MMR Vaccination Has Been a Worldwide Success

As I mentioned earlier this week, Great Britain is experiencing an outbreak of measles because of declining vaccination rates. Some parents fear having their children vaccinated using the measles, mumps, and rubella (MMR) vaccine because of unsubstantiated claims that it is linked to autism. Worldwide, however, the MMR vaccine has been extremely successful.

The BBC reports that since it was introduced in the United States in 1975, over 500 million doses of the MMR vaccine have been administered around the world — equivalent to about 10 percent of the world’s population receiving the vaccine.

A major success story with the MMR vaccine has been Finland where the three diseases have been almost wiped out by an aggressive vaccination program that began in earnest in the 1990s.

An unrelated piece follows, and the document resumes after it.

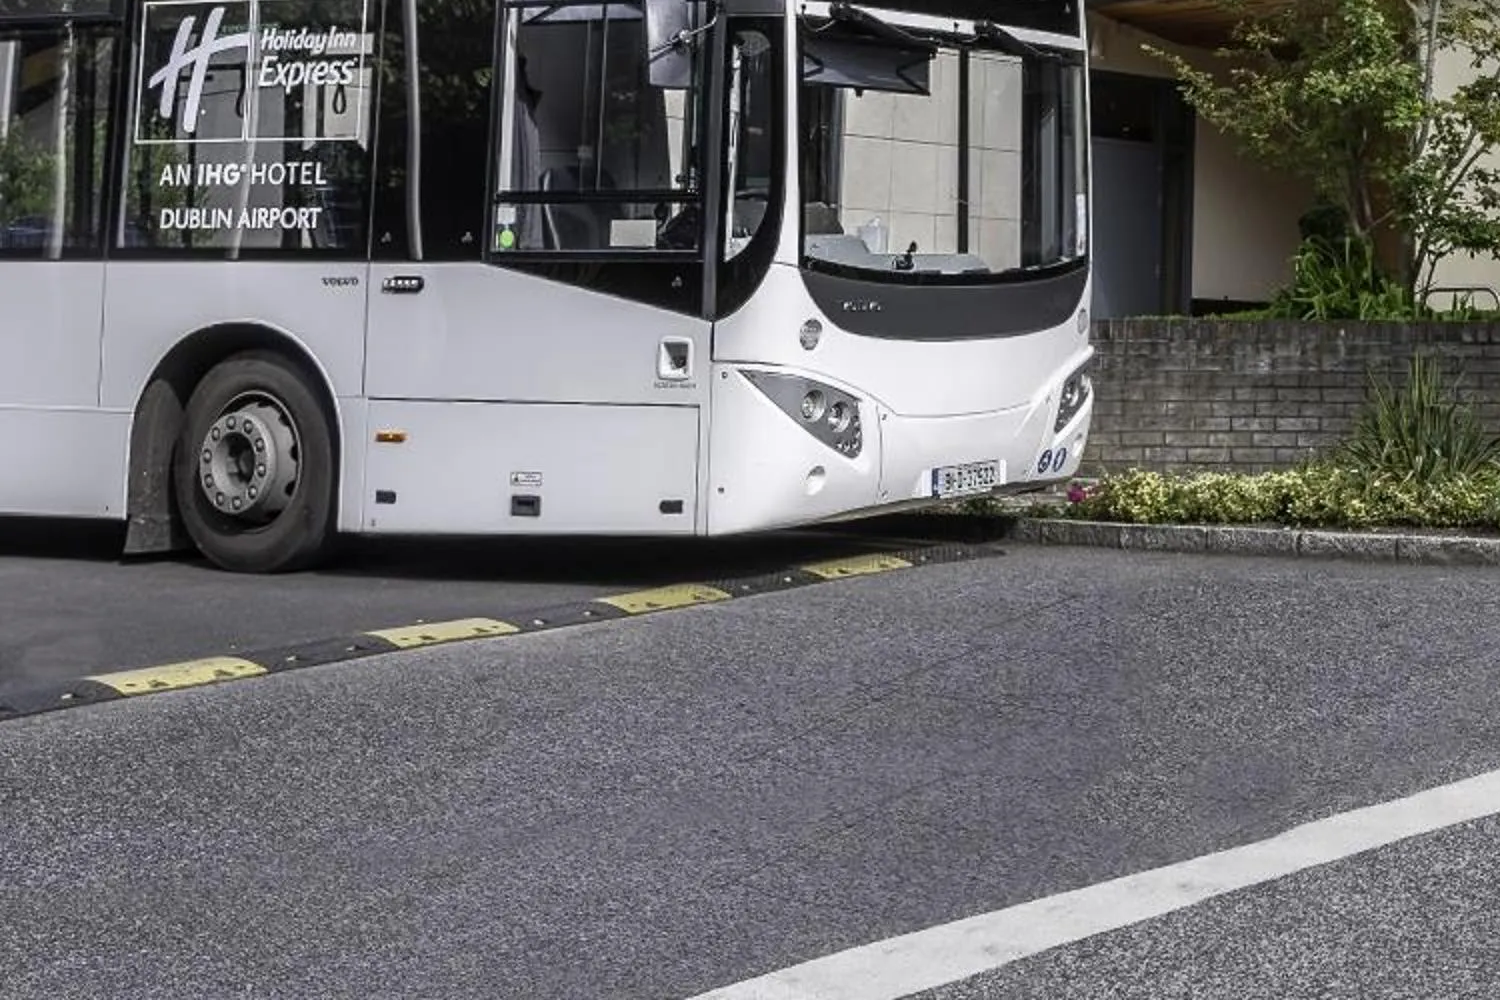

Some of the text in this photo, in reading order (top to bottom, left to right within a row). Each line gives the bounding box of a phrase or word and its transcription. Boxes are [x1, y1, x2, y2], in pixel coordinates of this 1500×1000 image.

One of the demands of British parents who fear the MMR vaccine is that their children be offered separate vaccinations for measles, mumps and rubella rather than the combined vaccine. That is precisely how things are handled in Japan where an MMR vaccine was withdrawn in 1993 after a high rate of post-vaccination meningitis cases. But according to the BBC, after the switch from a single vaccination to multiple vaccinations, the disease incidence rate rose markedly and there were 79 deaths from measles in Japan from 1992 to 1997.

One of the problems with multiple vaccinations is that it is far more expensive and, of course, inconvenient, reducing the number of children who will receive all three.

Source:

MMR’s global success. The BBC, February 6, 2002.